Vulnerability and Threat Assessments for Higher Ed

What Are They, and Why Do I Care? I Have a Pandemic to Deal With!

— by Scott Ondik PE, CPP, RCDD and Randy Riley PSP

Security Consultants Scott Ondik and Randy Riley discuss higher education campus vulnerability and threat assessments, addressing what areas of vulnerability are critiqued during the assessment, why these assessments are particularly important to college or university settings, which key members within an institution are involved in the process, and how the assessments help make campuses safer for their population.

Scott: Randy, how do you describe a vulnerability and threat assessment?
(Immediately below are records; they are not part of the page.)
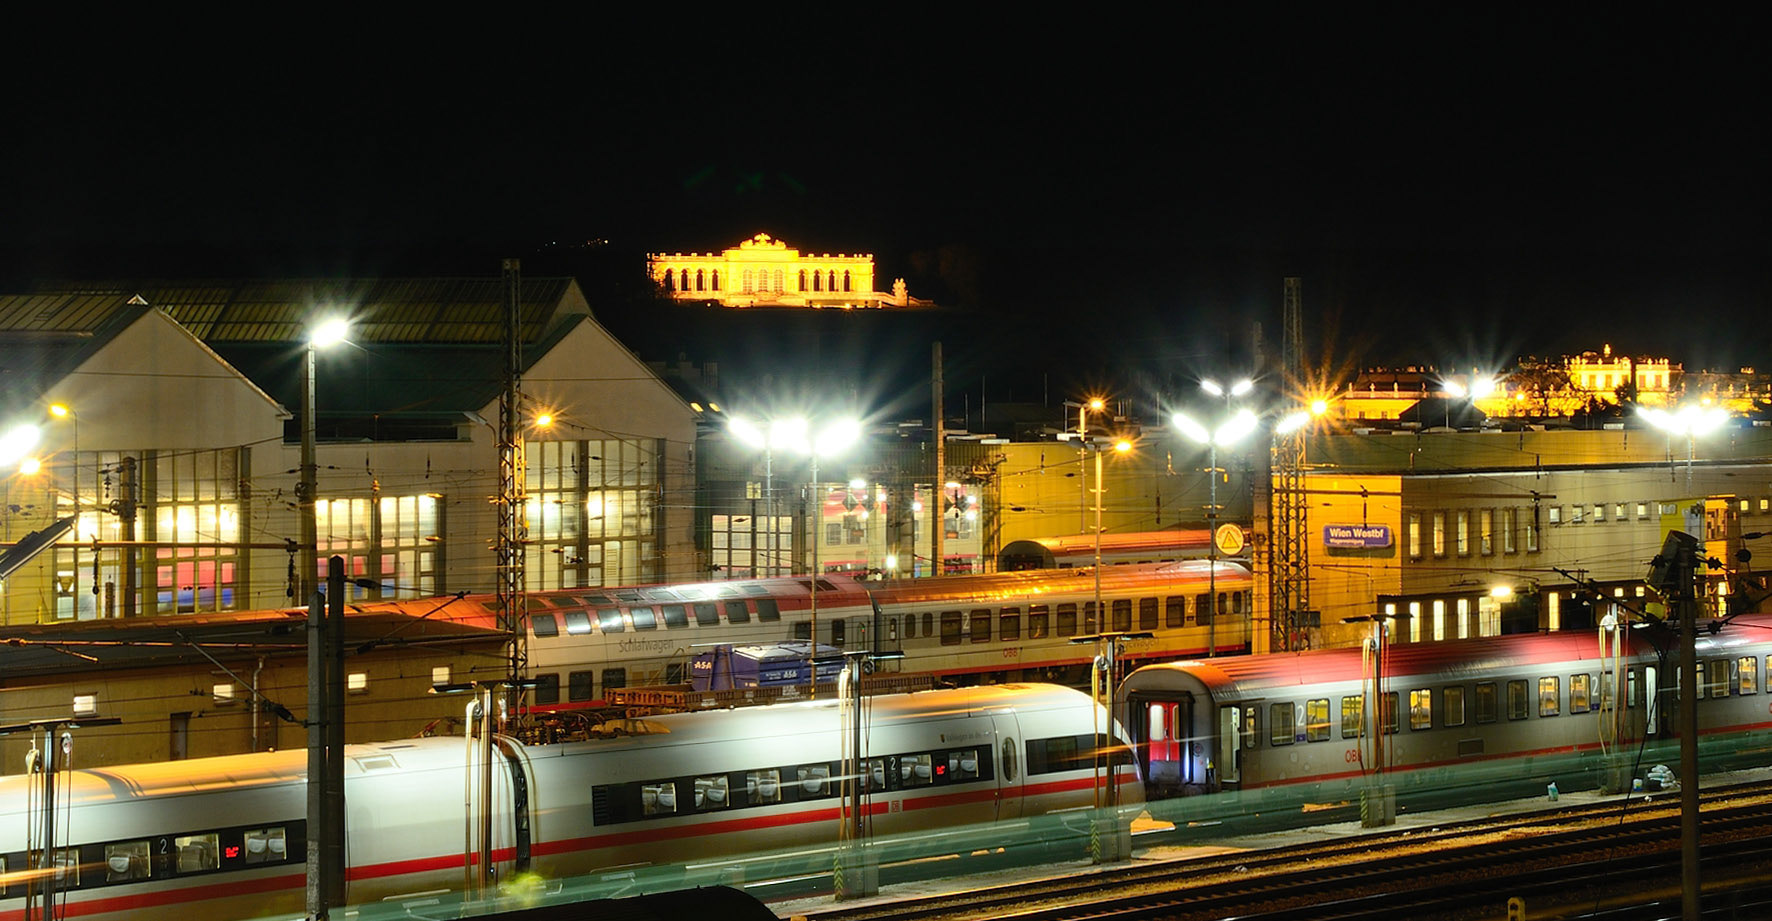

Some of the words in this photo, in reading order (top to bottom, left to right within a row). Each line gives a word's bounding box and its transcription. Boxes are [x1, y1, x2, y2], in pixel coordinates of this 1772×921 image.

[1329, 527, 1352, 538] Wien
[1353, 527, 1384, 539] Westbf
[1187, 596, 1194, 614] 2
[962, 612, 970, 630] 2
[619, 637, 674, 654] Schlafwagen
[1731, 660, 1738, 680] 2
[1591, 675, 1599, 696] 2
[1297, 704, 1305, 727] 2
[890, 757, 896, 771] 2
[160, 838, 167, 855] 2
Randy: To best explain a vulnerability and threat assessment (VTA), let’s outline the key components and differences between a vulnerability and a threat. A vulnerability is a weakness or exposure that allows a threat to occur, whereas a threat is something that can exploit a vulnerability and cause harm to an asset. An example of a threat would be a COVID-19 outbreak on campus. A related vulnerability would be large groups of people gathering in small spaces.

A VTA is performed to analyze safety and security risk and potential negative impact on assets. Assets include not only property, but people and information (such as software or databases).
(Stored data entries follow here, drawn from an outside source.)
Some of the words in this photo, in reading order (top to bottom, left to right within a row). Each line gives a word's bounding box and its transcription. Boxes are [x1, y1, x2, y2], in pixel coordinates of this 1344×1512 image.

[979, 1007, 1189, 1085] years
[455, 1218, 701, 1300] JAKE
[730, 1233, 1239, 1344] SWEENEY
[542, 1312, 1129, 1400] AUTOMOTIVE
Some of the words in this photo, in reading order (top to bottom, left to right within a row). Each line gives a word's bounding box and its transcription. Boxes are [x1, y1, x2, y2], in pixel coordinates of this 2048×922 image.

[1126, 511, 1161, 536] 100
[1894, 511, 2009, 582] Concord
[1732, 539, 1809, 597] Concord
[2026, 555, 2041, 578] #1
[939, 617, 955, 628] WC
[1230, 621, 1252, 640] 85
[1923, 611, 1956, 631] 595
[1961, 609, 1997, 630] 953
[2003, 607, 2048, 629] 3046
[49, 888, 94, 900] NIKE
The VTA evaluates numerous factors, including assets, critical area exposure, electronic and physical security, property location, crime trends, operational procedures, preparedness training, and the established policies of the campus. Once the vulnerabilities and threats are identified, their probability and associated negative impacts can be determined, and the overall risks can be evaluated.

The assessment results allow for the development of appropriate risk mitigation or remediation methods. The process can be represented graphically using a VTA Life Cycle model. This graphic may look familiar, as the Centers for Disease Control and Prevention calls it the Vulnerability Management Life Cycle and has applied it to the COVID-19 crisis. It works equally well as a VTA model.
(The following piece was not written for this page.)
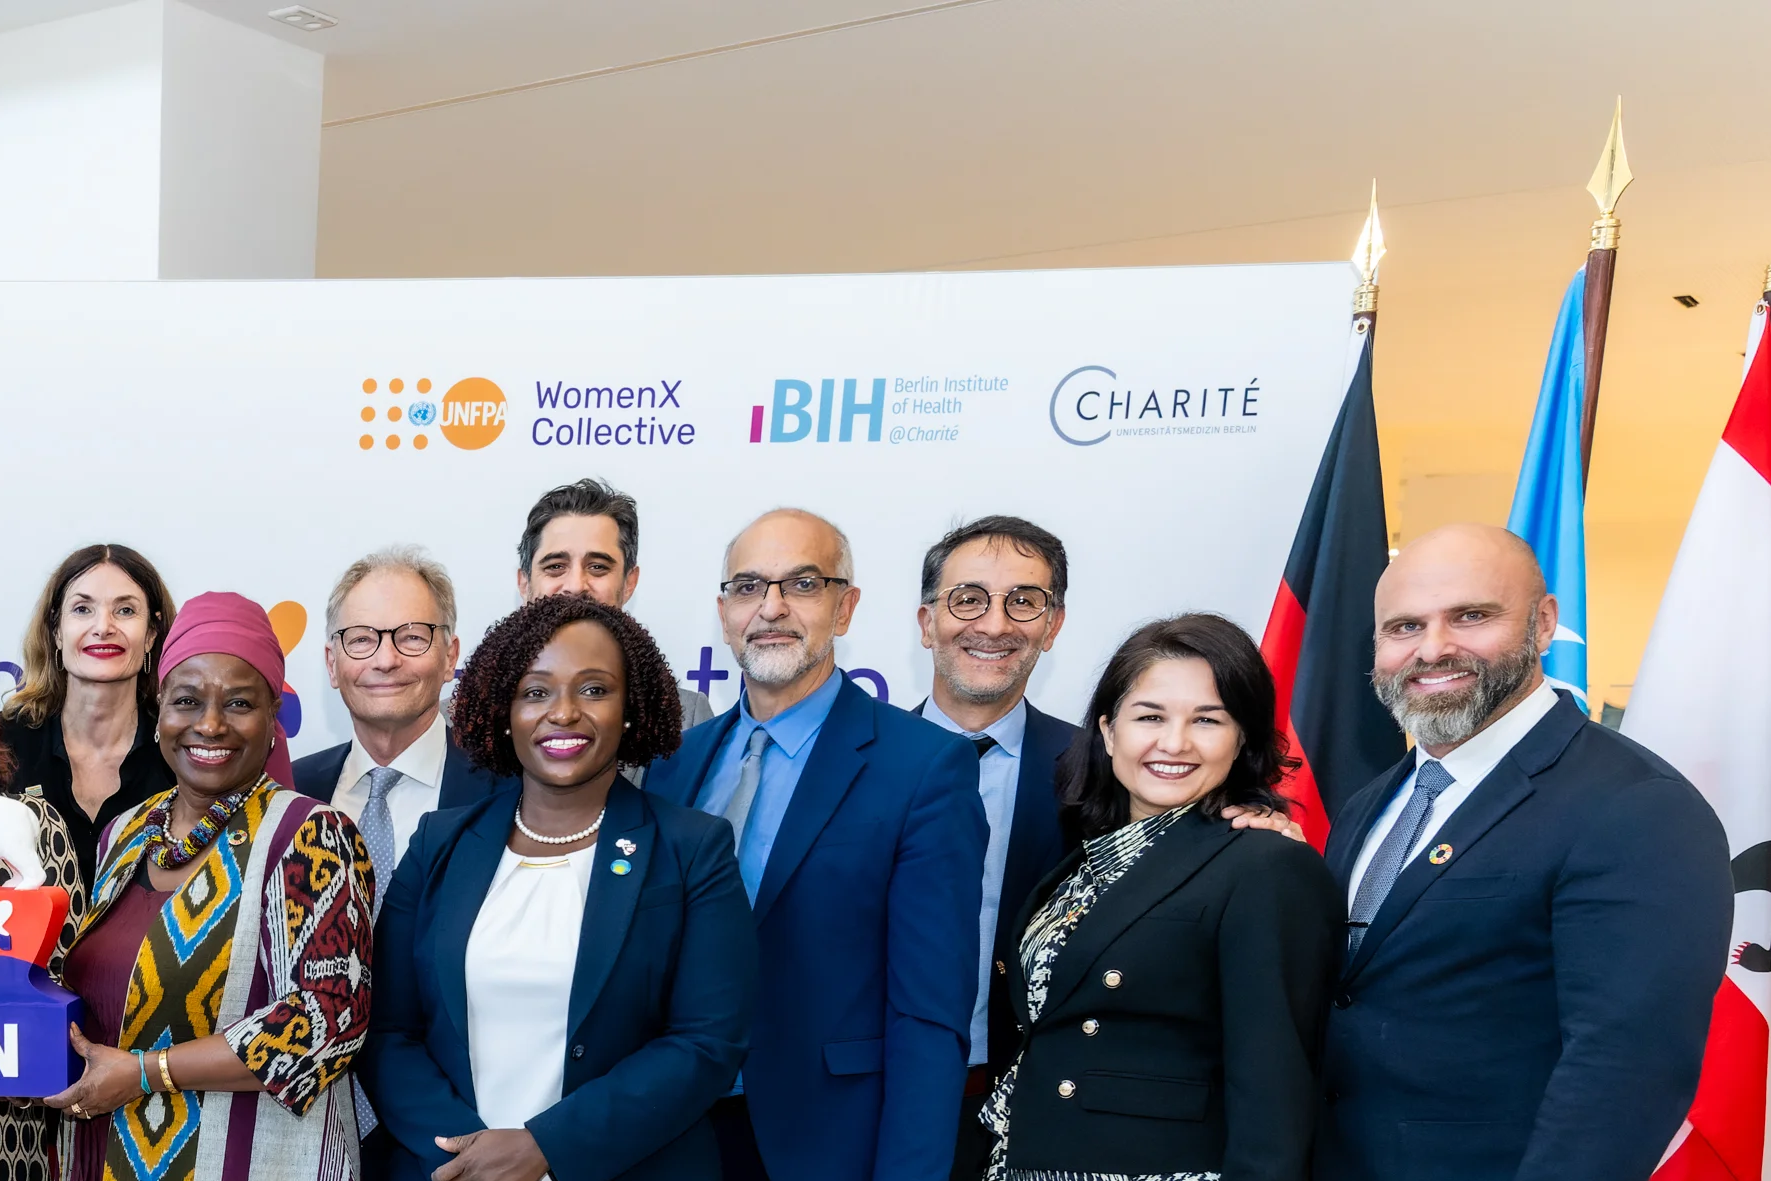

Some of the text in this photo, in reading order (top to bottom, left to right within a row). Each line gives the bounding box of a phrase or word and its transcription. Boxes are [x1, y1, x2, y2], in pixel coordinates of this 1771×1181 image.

Randy: Why is a VTA important for higher education campuses?

Scott: Of course, a primary goal of higher education facilities is to keep their students, faculty, and staff safe. Considering that a higher education campus is often its own “city,” this presents numerous challenges. A significant hurdle may be balancing an open, welcoming campus environment with a high level of safety and security. Open campuses are inherently more difficult to secure than closed facilities with limited access points. Additionally, campuses need to be aware that their property, information, and critical assets could be vulnerable to threats as well. The VTA plays a crucial role in identifying key areas of vulnerability and affords campus leaders the opportunity to take proactive corrective actions based on the findings of the assessment. Safety and security on campuses will be improved by implementing commensurate risk mitigation measures when deficiencies are identified through a VTA.

Scott: Randy, as some of our readers have probably never performed a VTA, can you explain the steps that would apply when performing a higher education campus VTA?

Randy: The assessment process is comprehensive and includes numerous stakeholders and aspects of the campus. The first step is to look for vulnerabilities from the “outside in,” which is ideally from a potential threat or intruder’s perspective. Then, review the various mitigation measures and safety features, which include perimeter security and controlled access, campus lighting, emergency phones, mass notification systems, emergency training schedules, and campus police and security staff functions. Electronic security systems must be evaluated, including access control, intrusion detection, duress alarms, and video surveillance. Regarding physical security, key areas looked at during the assessment include residence halls, areas frequently traversed, parking lots and garages, and stadiums and locations on campus that house critical equipment such as labs and data centers. Operational aspects are another key area covered during the assessment. This includes a comprehensive review of established security standard operating policies and procedures as well as a review of the campus’s emergency preparedness plan. When beginning the VTA process, institution stakeholders should be engaged by a security professional to develop a collaborative and accurate fact-finding process.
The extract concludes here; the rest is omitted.